A copy of the Third Amendment is attached as Exhibit 10.1 to this Current Report on Form 8-K (this “Current Report”) and incorporated herein by reference and is hereby filed. The description of the Third Amendment in this Current Report is a summary and is qualified in its entirety by reference to the complete text of such agreement.

 

Item 3.02.

Unregistered Sales of Equity Securities.

On June 19, 2020, the Company and Talos Production, entered into a Purchase and Sale Agreement (the “Purchase Agreement”) with affiliates of Castex Energy 2005 (the “Seller”). Pursuant to the Purchase Agreement, among other things, Talos Production will acquire certain oil and natural gas properties and related assets of the Seller (the “Acquisition”). As partial consideration for the Acquisition, the Company agreed to issue to Seller approximately 4.95 million shares of the Company’s common stock, par value $0.01 per share (the “Acquisition Shares”).

The Acquisition Shares will be issued in reliance on an exemption from the registration requirements of the Securities Act of 1933, as amended (the “Securities Act”), by virtue of Section 4(a)(2) and/or other exemptions thereunder, as promulgated by the Securities and Exchange Commission under the Securities Act.

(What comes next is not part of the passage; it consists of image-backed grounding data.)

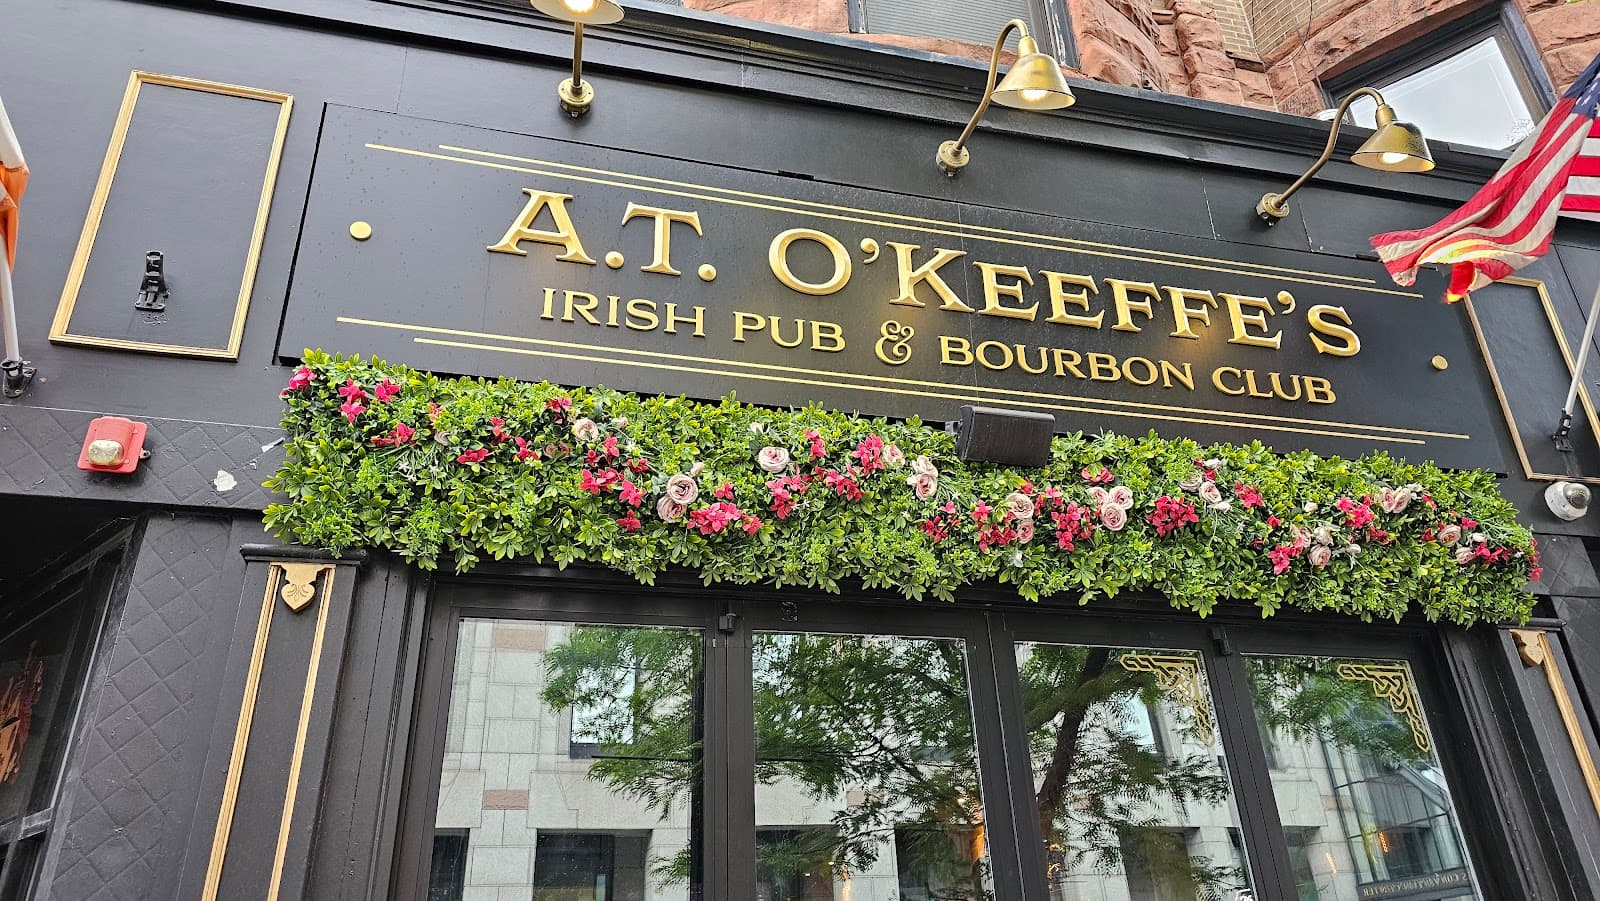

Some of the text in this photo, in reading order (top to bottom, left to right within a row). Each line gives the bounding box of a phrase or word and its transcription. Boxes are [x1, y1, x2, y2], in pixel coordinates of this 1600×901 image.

[486, 187, 1362, 358] A.T. O'KEEFFE'S
[540, 287, 1337, 405] IRISH PUB & BOURBON CLUB
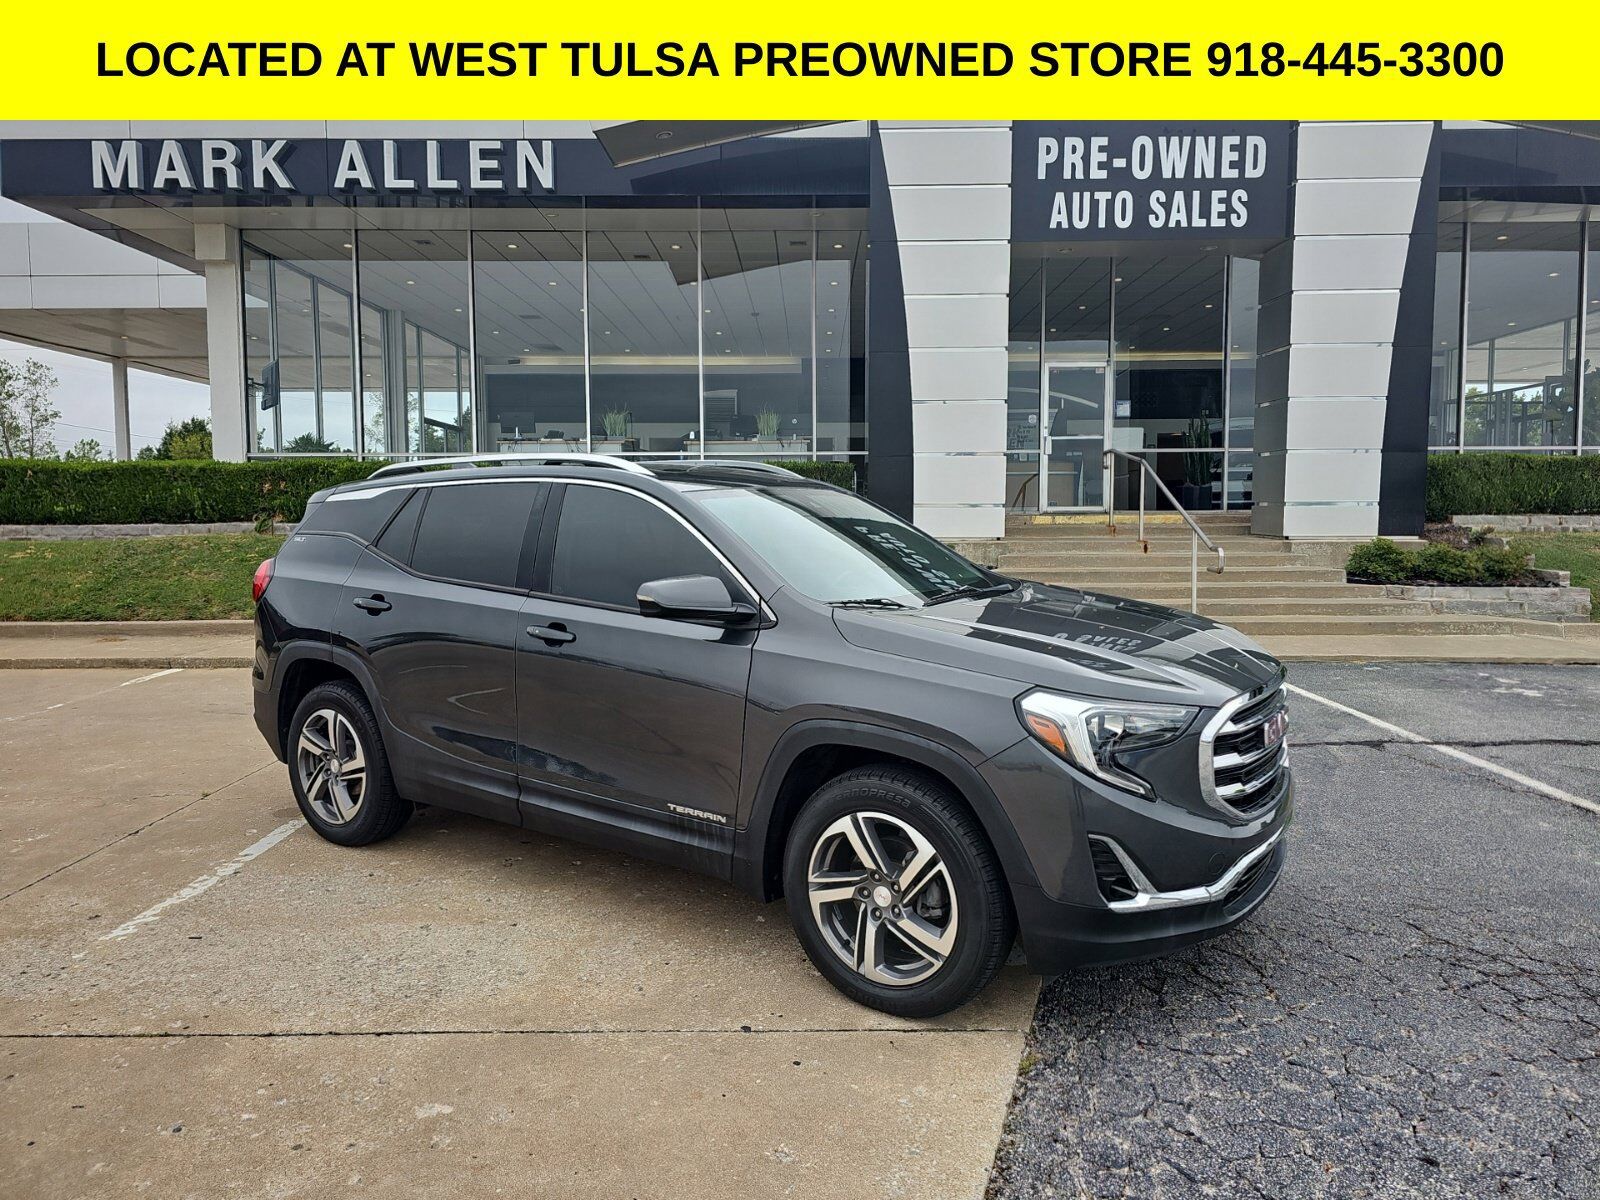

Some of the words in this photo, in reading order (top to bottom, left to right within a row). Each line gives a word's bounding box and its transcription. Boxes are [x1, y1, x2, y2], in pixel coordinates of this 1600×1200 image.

[91, 139, 295, 191] MARK
[333, 139, 555, 191] ALLEN
[1037, 135, 1267, 180] PRE-OWNED
[1049, 190, 1134, 230] AUTO
[1148, 188, 1249, 228] SALES
[667, 803, 727, 823] TERRAIN

Item 9.01. Financial Statements and Exhibits.

(d) Exhibits.

 

Exhibit
Number
  

Description of Exhibit

10.1    Third Amendment to Credit Agreement and Borrowing Base Redetermination Agreement, dated as of June  19, 2020, by and among Talos Energy Inc., as holdings, Talos Production Inc., as borrower, each other credit party, JPMorgan Chase Bank, N.A., as administrative agent, each issuing bank, the swingline lender, and the lenders party thereto.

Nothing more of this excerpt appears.